Your information will not be shared without this form filled out unless it is required by law.
You may cut and paste this information or ask for a copy to be sent to you.
Dear Valued Patient,
No medical information with any third parties will be discussed, unless written consent/authorization has been obtained from you. (This includes by telephone, fax, letter, e-mail, or in person.) This consent form gives me permission to do so.
For the purpose of administering my health care and related activities, I hereby agree, on my behalf and behalf of my minor dependents, that information available regarding medical records, on behalf of myself or my minor dependents, may be released by Phranque Wright, Dipl. Ac., Licensed Acupuncturist, to me, to my spouse, my parents (for dependents age 18 or over), my medical providers, my medical insurance providers, Workman’s Compensation, or my employer, as applicable, or as may be otherwise lawfully permitted, or as I may further authorize in the box below.
Optional Additional Authorized Individuals – please print clearly.
I authorize the following individuals(s) to receive the above-named information.
_______________________________, ________________________________
Full name………………………………….Relationship to patient
_______________________________, _________________________________
Full name………………………………….Relationship to patient
Please note: An authorization is not needed for disclosures related to my or my minor dependents’ treatment, the payment for such treatment, or related health care operations as defined under 45 CRF part 160 and 164, Standards for Privacy of Individually Identifiable Health Information.

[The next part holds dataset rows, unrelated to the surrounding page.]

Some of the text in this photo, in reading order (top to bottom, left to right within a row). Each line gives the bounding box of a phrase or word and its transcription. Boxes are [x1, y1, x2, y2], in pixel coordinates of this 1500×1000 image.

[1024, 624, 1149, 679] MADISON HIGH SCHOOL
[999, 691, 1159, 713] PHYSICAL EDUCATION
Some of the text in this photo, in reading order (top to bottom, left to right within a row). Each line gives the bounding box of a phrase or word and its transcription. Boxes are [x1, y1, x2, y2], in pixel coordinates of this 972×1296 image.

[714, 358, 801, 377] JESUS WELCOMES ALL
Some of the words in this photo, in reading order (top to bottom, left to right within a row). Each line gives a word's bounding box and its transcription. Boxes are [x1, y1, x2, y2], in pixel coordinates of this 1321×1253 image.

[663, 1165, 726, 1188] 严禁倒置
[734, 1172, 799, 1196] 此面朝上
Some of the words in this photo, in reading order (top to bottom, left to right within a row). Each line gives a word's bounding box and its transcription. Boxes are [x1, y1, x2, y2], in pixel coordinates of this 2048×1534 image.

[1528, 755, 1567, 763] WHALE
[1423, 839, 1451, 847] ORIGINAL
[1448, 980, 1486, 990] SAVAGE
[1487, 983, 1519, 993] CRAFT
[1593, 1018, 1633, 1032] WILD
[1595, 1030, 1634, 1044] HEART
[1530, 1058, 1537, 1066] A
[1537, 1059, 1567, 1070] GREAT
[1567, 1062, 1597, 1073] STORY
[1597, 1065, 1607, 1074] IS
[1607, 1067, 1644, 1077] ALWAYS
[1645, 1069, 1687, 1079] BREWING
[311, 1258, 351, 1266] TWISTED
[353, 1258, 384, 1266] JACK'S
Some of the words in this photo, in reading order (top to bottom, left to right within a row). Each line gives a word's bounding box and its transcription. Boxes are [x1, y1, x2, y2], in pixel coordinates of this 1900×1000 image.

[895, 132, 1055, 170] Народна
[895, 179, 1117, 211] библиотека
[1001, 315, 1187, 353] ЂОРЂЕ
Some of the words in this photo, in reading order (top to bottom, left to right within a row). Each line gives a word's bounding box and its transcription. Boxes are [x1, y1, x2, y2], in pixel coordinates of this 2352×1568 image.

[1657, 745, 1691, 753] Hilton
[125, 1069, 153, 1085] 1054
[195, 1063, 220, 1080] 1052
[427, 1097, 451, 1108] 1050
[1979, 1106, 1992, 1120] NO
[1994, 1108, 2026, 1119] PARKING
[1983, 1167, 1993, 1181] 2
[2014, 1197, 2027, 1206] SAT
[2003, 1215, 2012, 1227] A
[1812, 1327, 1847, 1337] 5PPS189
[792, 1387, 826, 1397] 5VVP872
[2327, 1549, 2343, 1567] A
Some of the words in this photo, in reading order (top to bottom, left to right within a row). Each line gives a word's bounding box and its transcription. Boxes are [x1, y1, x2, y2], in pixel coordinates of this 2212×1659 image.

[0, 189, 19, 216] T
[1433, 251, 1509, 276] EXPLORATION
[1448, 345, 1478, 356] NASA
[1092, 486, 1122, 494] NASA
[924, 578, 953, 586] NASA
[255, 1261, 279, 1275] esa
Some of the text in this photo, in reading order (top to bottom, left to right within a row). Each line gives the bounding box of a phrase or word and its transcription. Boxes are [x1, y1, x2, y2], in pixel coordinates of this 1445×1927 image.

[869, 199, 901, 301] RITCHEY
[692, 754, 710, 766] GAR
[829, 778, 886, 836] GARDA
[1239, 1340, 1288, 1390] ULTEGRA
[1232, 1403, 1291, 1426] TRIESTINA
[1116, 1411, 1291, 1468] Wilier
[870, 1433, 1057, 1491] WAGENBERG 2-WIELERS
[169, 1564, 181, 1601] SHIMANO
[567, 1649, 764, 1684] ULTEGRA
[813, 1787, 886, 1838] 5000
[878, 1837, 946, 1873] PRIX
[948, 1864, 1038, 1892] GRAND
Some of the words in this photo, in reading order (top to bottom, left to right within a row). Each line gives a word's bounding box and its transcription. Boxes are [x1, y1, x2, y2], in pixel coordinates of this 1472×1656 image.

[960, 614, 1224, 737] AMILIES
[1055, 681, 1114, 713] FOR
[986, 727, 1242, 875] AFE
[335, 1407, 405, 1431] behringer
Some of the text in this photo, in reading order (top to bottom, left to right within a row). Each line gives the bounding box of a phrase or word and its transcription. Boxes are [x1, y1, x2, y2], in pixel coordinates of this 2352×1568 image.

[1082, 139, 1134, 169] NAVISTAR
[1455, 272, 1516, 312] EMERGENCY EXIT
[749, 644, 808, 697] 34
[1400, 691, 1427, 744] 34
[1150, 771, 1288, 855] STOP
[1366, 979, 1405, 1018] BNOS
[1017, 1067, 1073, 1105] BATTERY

I understand that information used or disclosed pursuant to this authorization may be subject to re-disclosure by the authorized recipient and may no longer be protected by state or federal law.
You may request a copy of this authorization. You may revoke authorization at any time in writing. You may refuse to sign this authorization. You have the right to request access to your protected health information that may be used or disclosed.